Yes, but does that mean hammers are weapons?


----------



## Kirkhill (8 Sep 2006)

I think that the distinction lies in the concept of centralized authority.  Clausewitzian War, designed to influence a Nation by countering its Leaders, is only possible if Leaders and Nations exist and if the Leaders actually control, or govern, their Nation.  If the Leader controls a large Nation then not only is she/he able to mobilize that Nation against others but must also be able to prevent the Nation, its individuals, mobilizing without the Leader.

A Leader with control over a large number of people, some one that can not only reward their friends and punish their enemies but who can punish their friends and reward their enemies,  is of great utility in establishing a stable world order.  A Leader that can only reward their friends and punish their enemies is a great threat to stability.  One that only punishes their friends and rewards their enemies won’t stay in power long.

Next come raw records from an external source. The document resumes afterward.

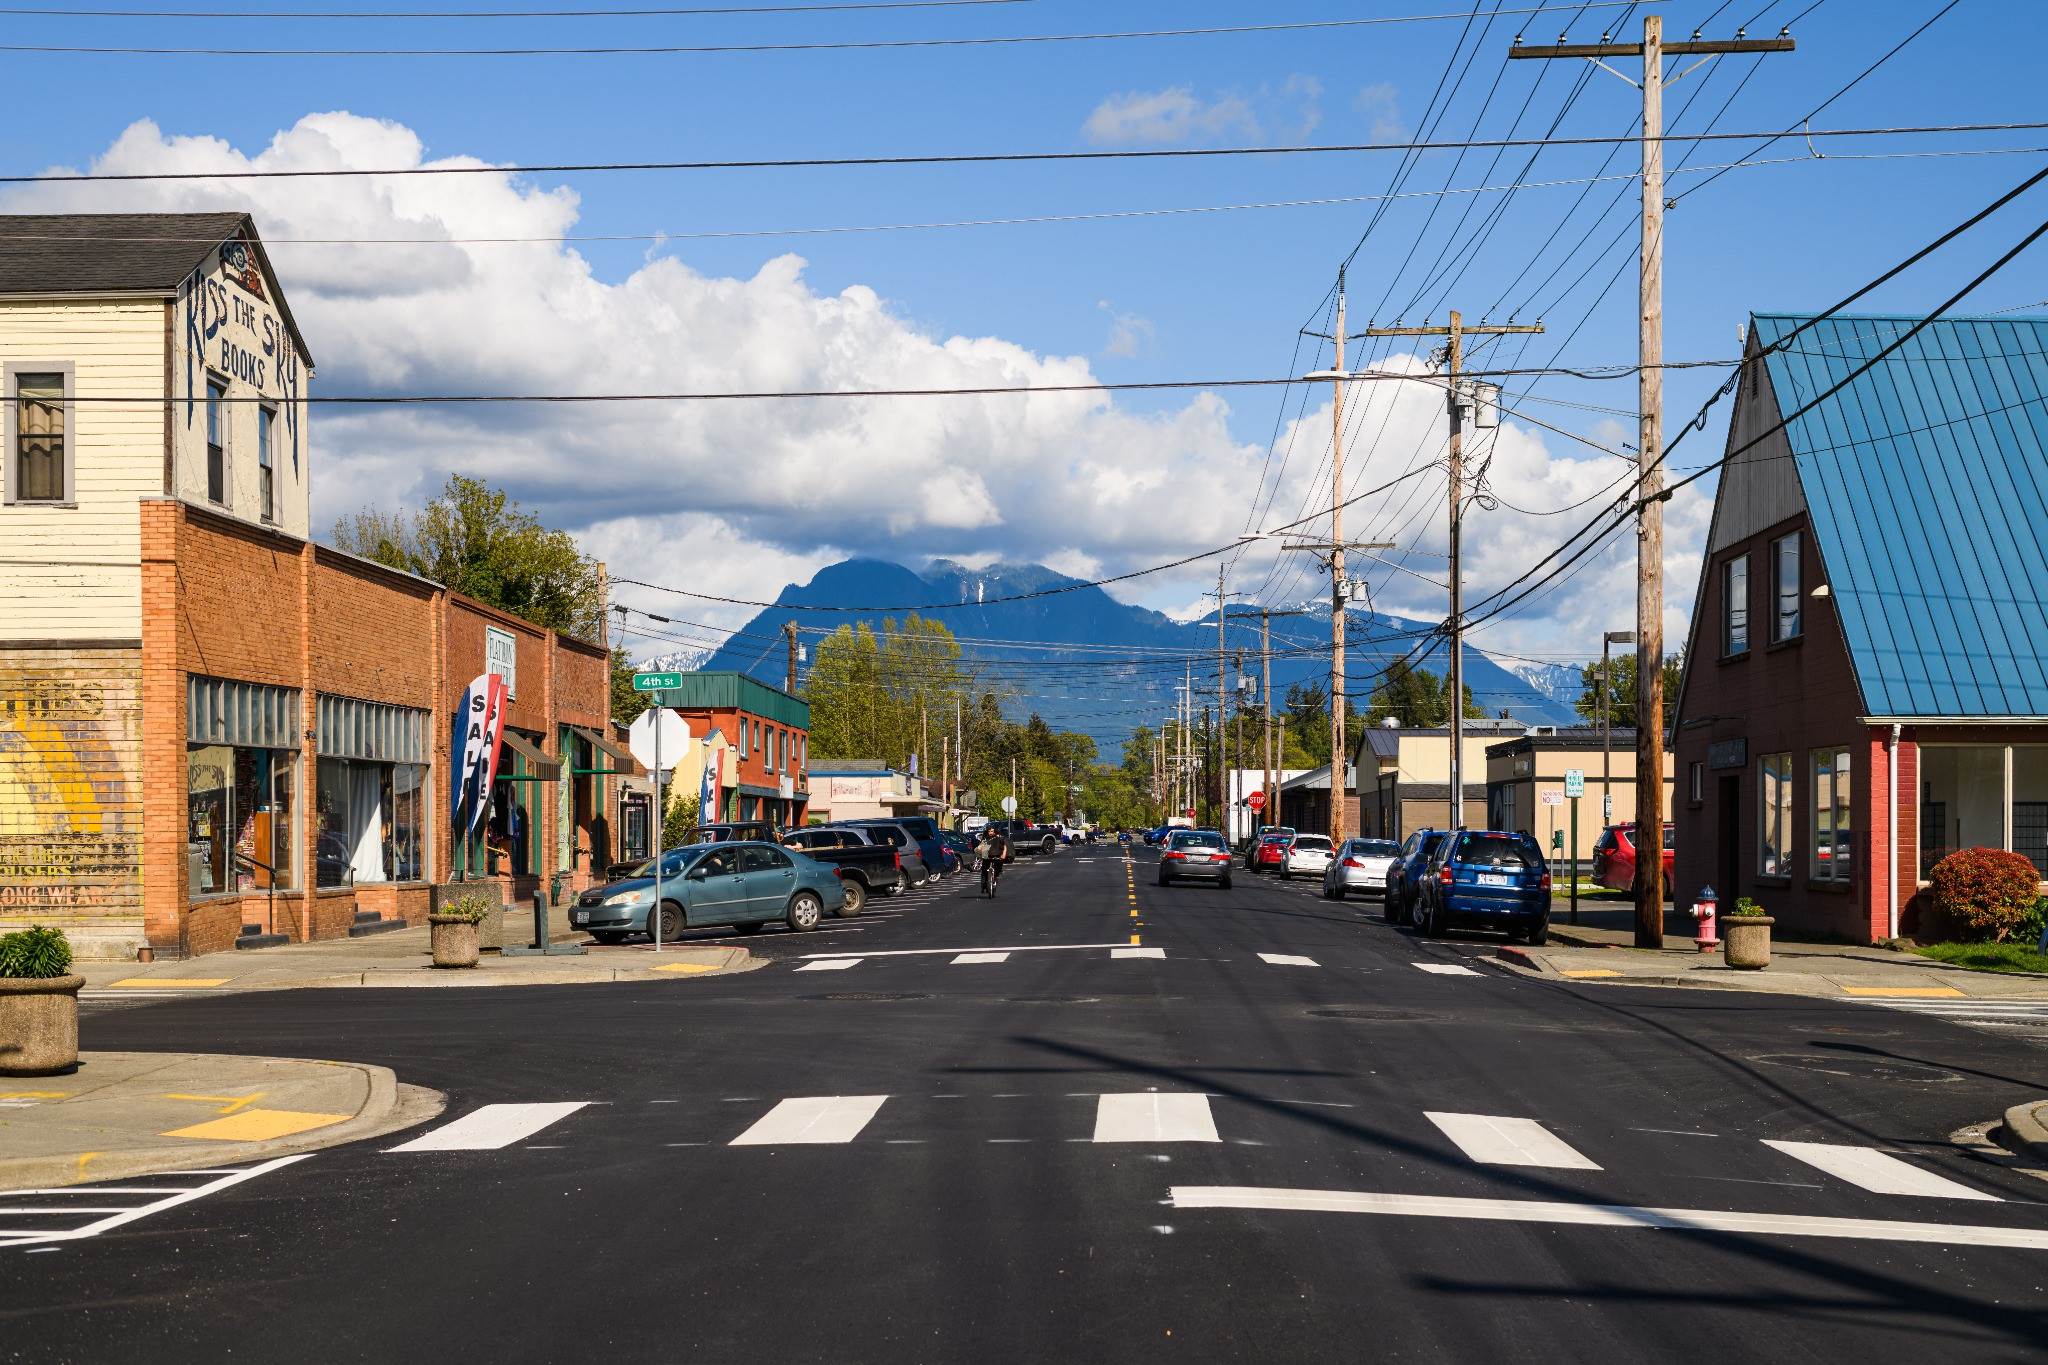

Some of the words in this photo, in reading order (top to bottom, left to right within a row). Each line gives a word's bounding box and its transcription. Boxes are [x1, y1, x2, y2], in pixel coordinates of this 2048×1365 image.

[187, 268, 228, 431] KISS
[232, 294, 258, 337] THE
[221, 336, 265, 390] BOOKS
[642, 677, 662, 687] 4th
[1249, 796, 1266, 804] STOP

Nations come in all sizes.  As they are self-defined by blood (kinship) and belief (religion – and here I include the atheistic and agnostic religions of socialism, communism and laicete amongst others) they are constantly morphing as supporters come and go.  Thus a Nation can be little more than a large nuclear family in a valley or it can be a globe-spanning conflation of like-minded individuals.  Large Nations with single Leaders, Nations that are willing to be led, make it easy to negotiate stable conditions: hence the attractions of the Bipolar world and also of the Treaty of Westphalia.

The quid pro quo is that “you keep your lot in line and I’ll keep my lot in line and we’ll both get along just fine”.    Basically, in the past this has boiled down to “I’ll stop killing you and yours if you can stop yours from killing mine”.  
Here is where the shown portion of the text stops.